De imediato, a grande preocupação da FIFA quanto ao boicote se dá pela Copa do Mundo Feminina de Futebol, que será realizada no Brasil em 2027. Caso a FFE seja aprovada, as seleções europeias, asiáticas e norte-americanas estão comprometidas a não disputarem o torneio. Todas as campeãs do torneio, por sinal, vieram dessas três confederações.
No entanto, a grande preocupação a longo prazo se dá pela Copa do Mundo de 2030. Com jogos marcados para seis países diferentes, a edição promete uma grande festa para celebrar os 100 anos da criação da Copa do Mundo. Seria um vexame histórico uma comemoração esvaziada, que tem jogos programados para Portugal e Espanha.
Relembre o caso
O mundo da bola foi pego de surpresa na última terça-feira (28) com a notícia de que a FIFA, entidade máxima do futebol mundial, estaria estudando vender suas competições para empresários, dentre elas a Copa do Mundo. A decisão foi divulgada em um plano oficial da entidade, que fala na criação de uma empresa para "terceirizar" as operações de seus torneios.
O objetivo dessa decisão surreal de Gianni Infantino seria visando a venda de ações minoritárias desta nova empresa, que seria chamada de FIFA Forward Enterprise (FFE) e teria controle majoritário da entidade para trabalhar a parte comercial de campeonatos como a Copa do Mundo e a Copa do Mundo de Clubes, o "Super Mundial".
Infantino afirmou que a empresa nasceria com um valor de mercado equivalente a 20 bilhões de dólares, algo em torno de R$ 103 bilhões, e a ideia seria vender ações equivalentes a 4.2 bilhões de dólares, conferindo aos acionistas participação minoritária. Segundo a emissora italiana SkyNews, conversas com Donald Trump teriam influenciado a decisão.

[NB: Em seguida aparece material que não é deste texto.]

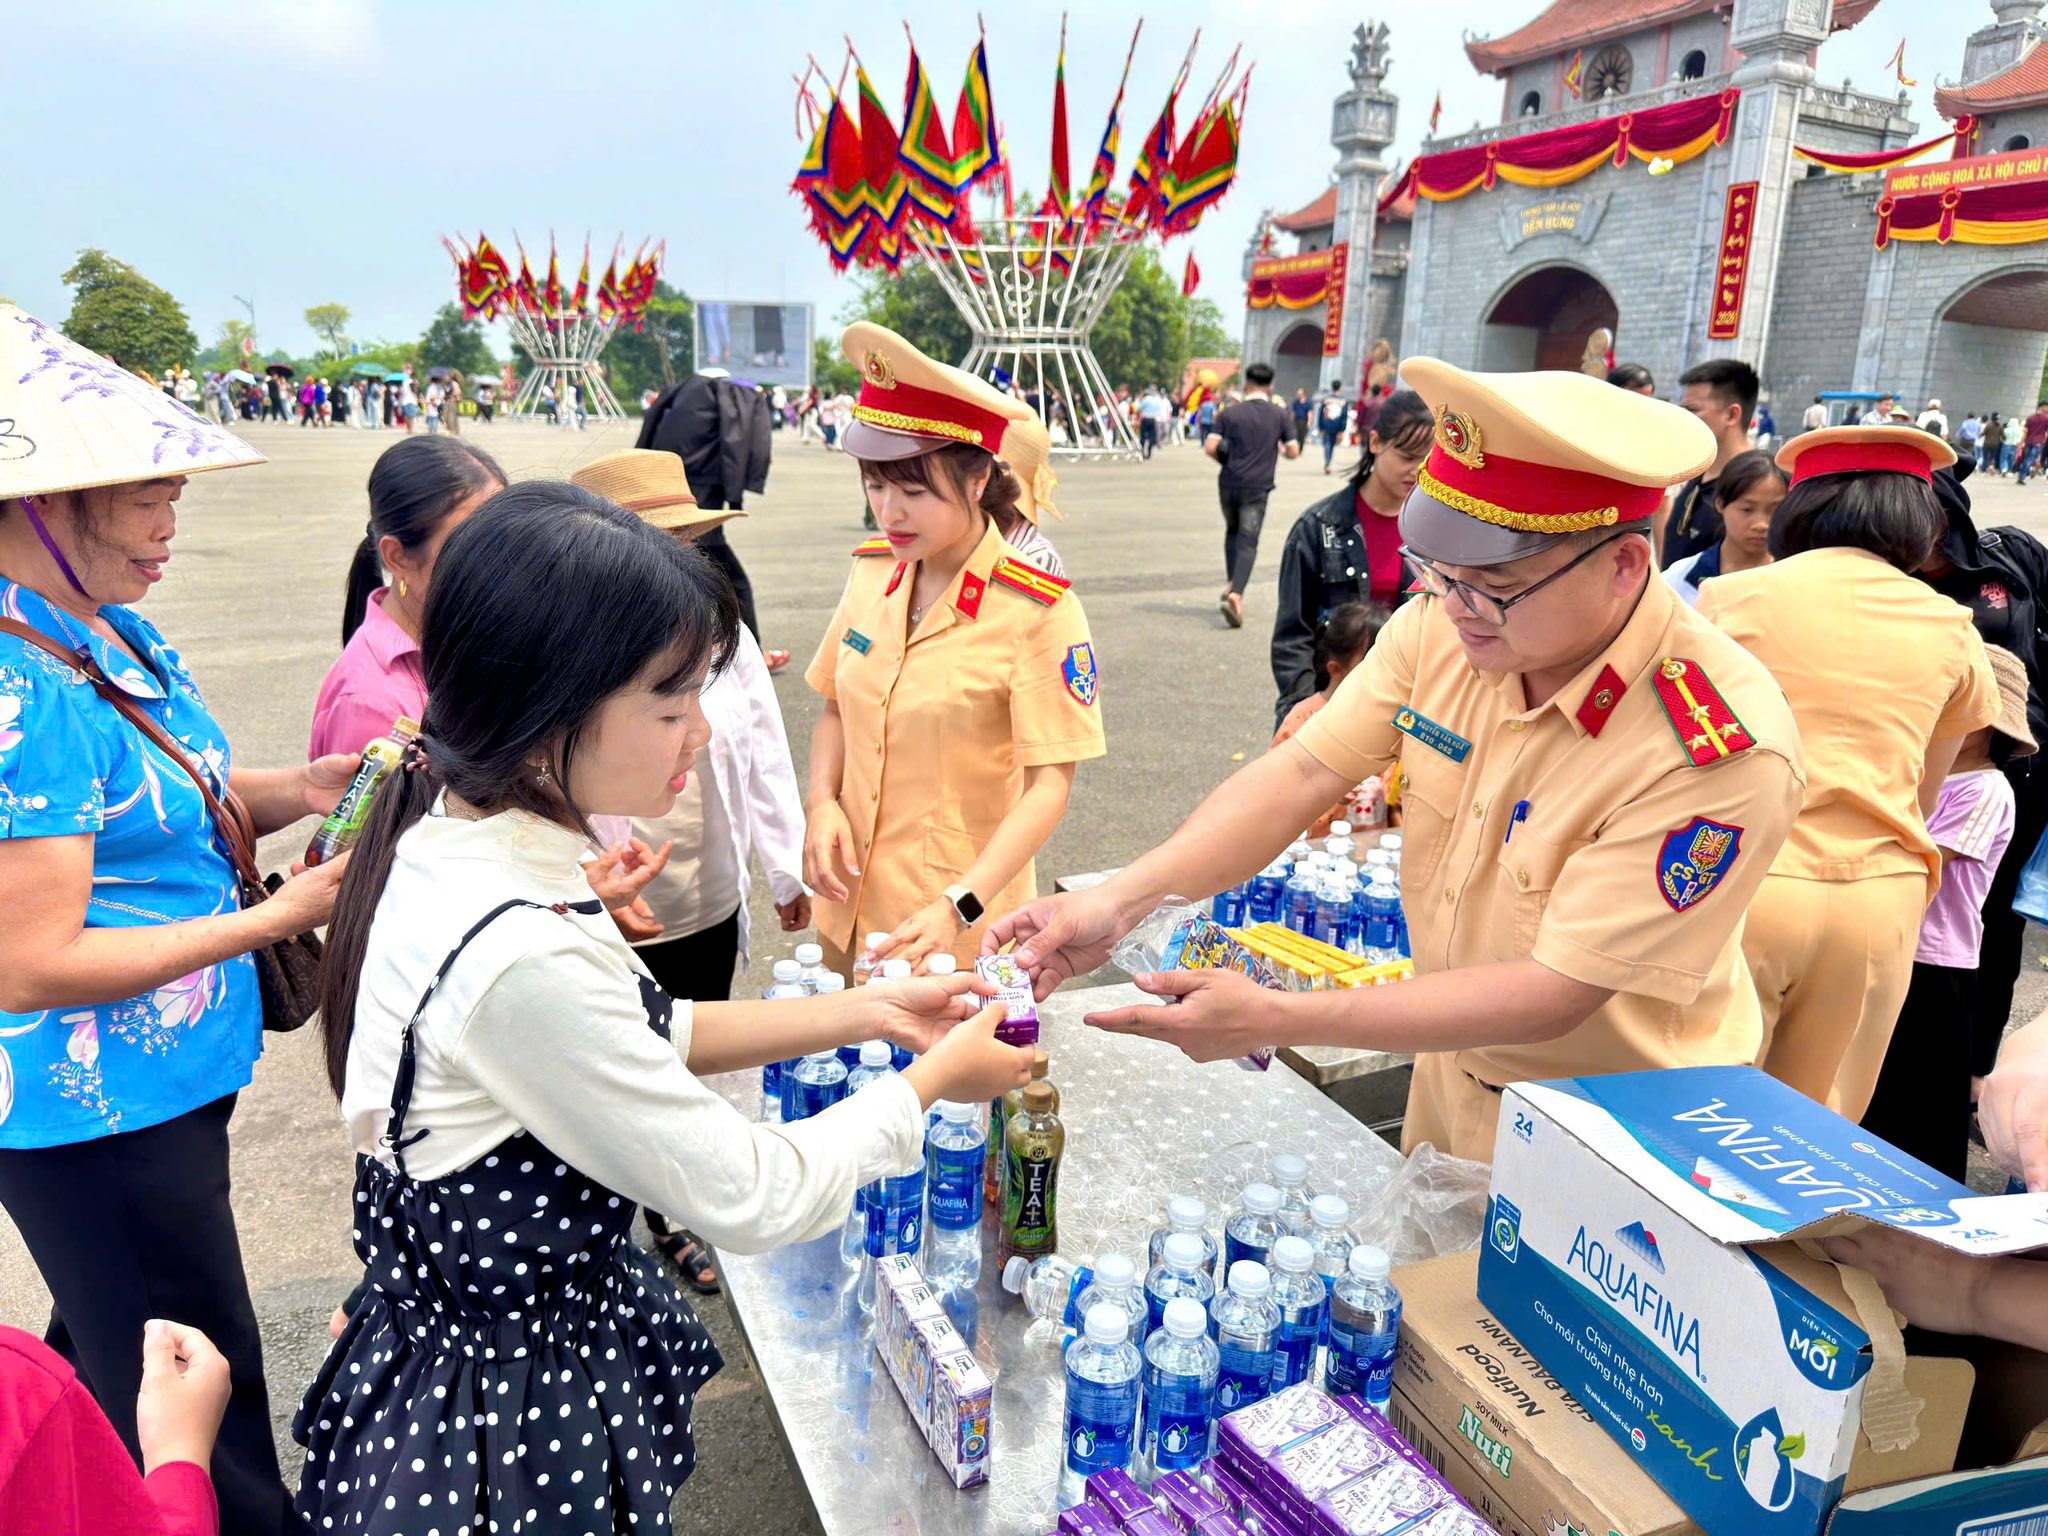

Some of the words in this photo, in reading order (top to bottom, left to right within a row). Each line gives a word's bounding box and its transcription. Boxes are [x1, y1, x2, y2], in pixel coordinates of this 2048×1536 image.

[1891, 173, 1919, 192] NƯỚC
[1921, 170, 1950, 190] CỘNG
[1952, 165, 1975, 184] HOÀ
[1995, 160, 2015, 180] HỘI
[2017, 155, 2041, 175] CHỦ
[1670, 862, 1695, 880] CS
[1699, 872, 1718, 885] GT
[1515, 1112, 1533, 1137] 24
[1672, 1098, 1888, 1213] UAFINA
[930, 1193, 969, 1209] AQUAFINA
[1881, 1186, 1914, 1205] gon
[1567, 1225, 1700, 1378] AQUAFINA
[1475, 1317, 1522, 1357] NÀNH
[1802, 1316, 1820, 1332] DIỆN
[1821, 1330, 1837, 1345] MẠO
[1409, 1343, 1426, 1363] Protein
[1586, 1326, 1611, 1358] Chai
[1614, 1353, 1637, 1382] nhẹ
[1639, 1372, 1663, 1406] hơn
[1369, 1365, 1394, 1382] AQUA
[1456, 1343, 1546, 1418] Nutifood
[1522, 1357, 1563, 1391] ĐẬU
[1534, 1300, 1553, 1325] Cho
[1555, 1322, 1574, 1344] môi
[1576, 1341, 1610, 1381] trường
[1613, 1376, 1644, 1412] thêm
[1646, 1408, 1722, 1480] xanh
[1475, 1401, 1490, 1418] SOY
[1491, 1415, 1509, 1438] MILK
[1457, 1405, 1513, 1479] Nuti
[1472, 1452, 1492, 1474] PURE

De acordo com a SkyNews, a principal interessada em adquirir ações da FIFA é a Thrive Eternal, uma holding de investimento de capital permanente americana, cujo CEO é Josh Kushner. O irmão de Josh, Jared Kushner, é casado com Ivanka Trump, filha de Donald Trump. Ou seja, Josh é cunhado da filha do atual presidente dos EUA.

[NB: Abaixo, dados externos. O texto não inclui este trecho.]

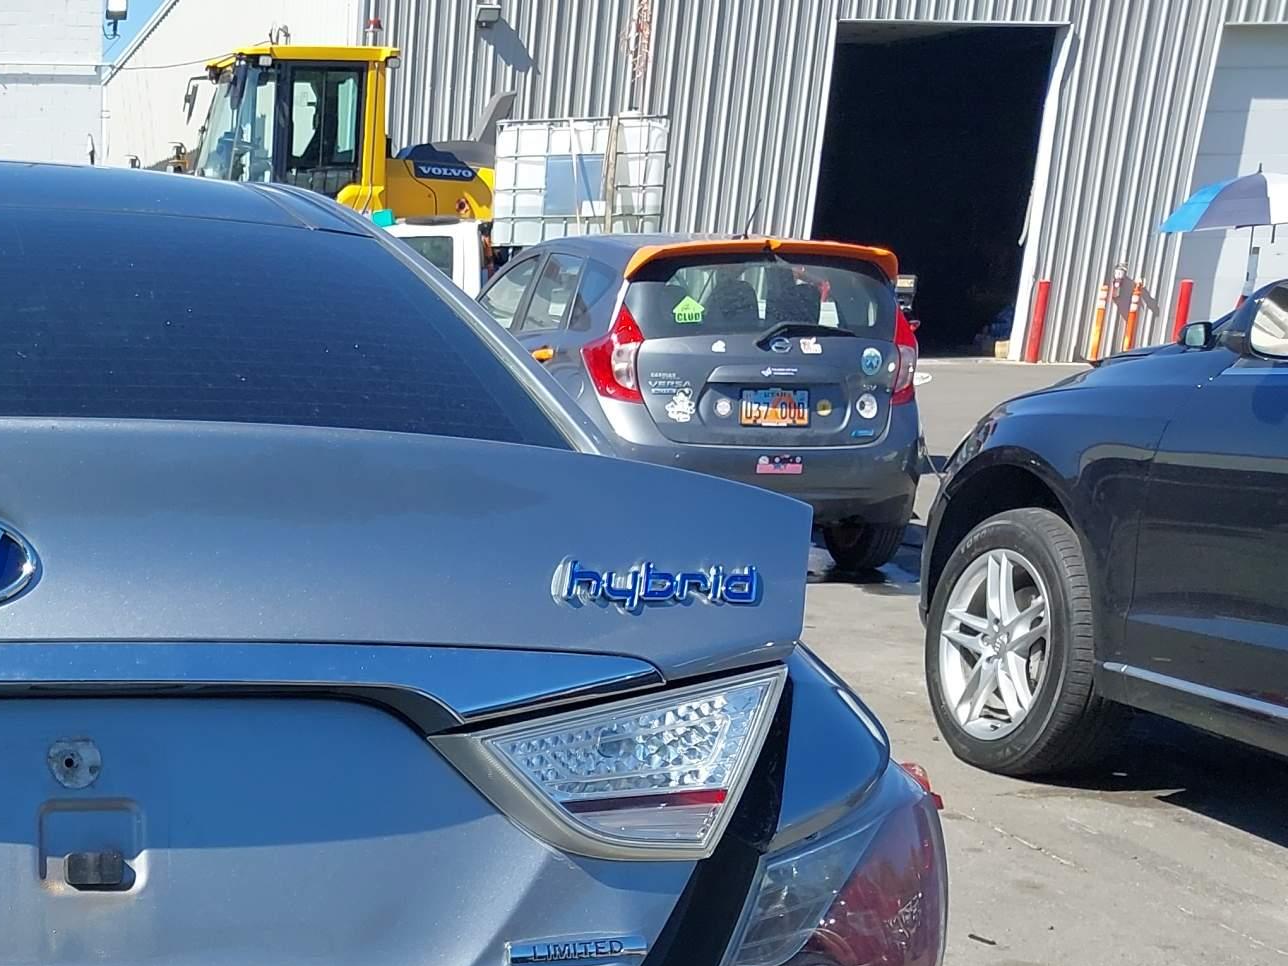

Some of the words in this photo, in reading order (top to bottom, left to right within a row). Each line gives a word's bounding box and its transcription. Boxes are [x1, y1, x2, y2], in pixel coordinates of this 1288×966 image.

[418, 166, 473, 178] VOLVO
[648, 380, 691, 388] VERSA
[560, 558, 760, 613] hybrid
[531, 940, 624, 961] LIMITED

O anúncio obviamente não foi bem recebido pela comunidade internacional do futebol. Nas redes sociais, comentários alegando que a FIFA está vendendo a alma do esporte para empresários tomaram conta. Em nível profissional, a UEFA, principal entidade do futebol europeu, anunciou que boicotará a Copa do Mundo caso ocorra a venda.
O boicote da UEFA é uma dor de cabeça para Infantino, visto que a entidade recebe 1/3 das vagas para a Copa do Mundo com 48 seleções. Não teria como manter o atual formato e muito menos estender para 64 seleções, como sonha a FIFA, sem a Europa. Gianni afirma que cada federação receberia mais dinheiro para desenvolver o futebol com a venda das ações.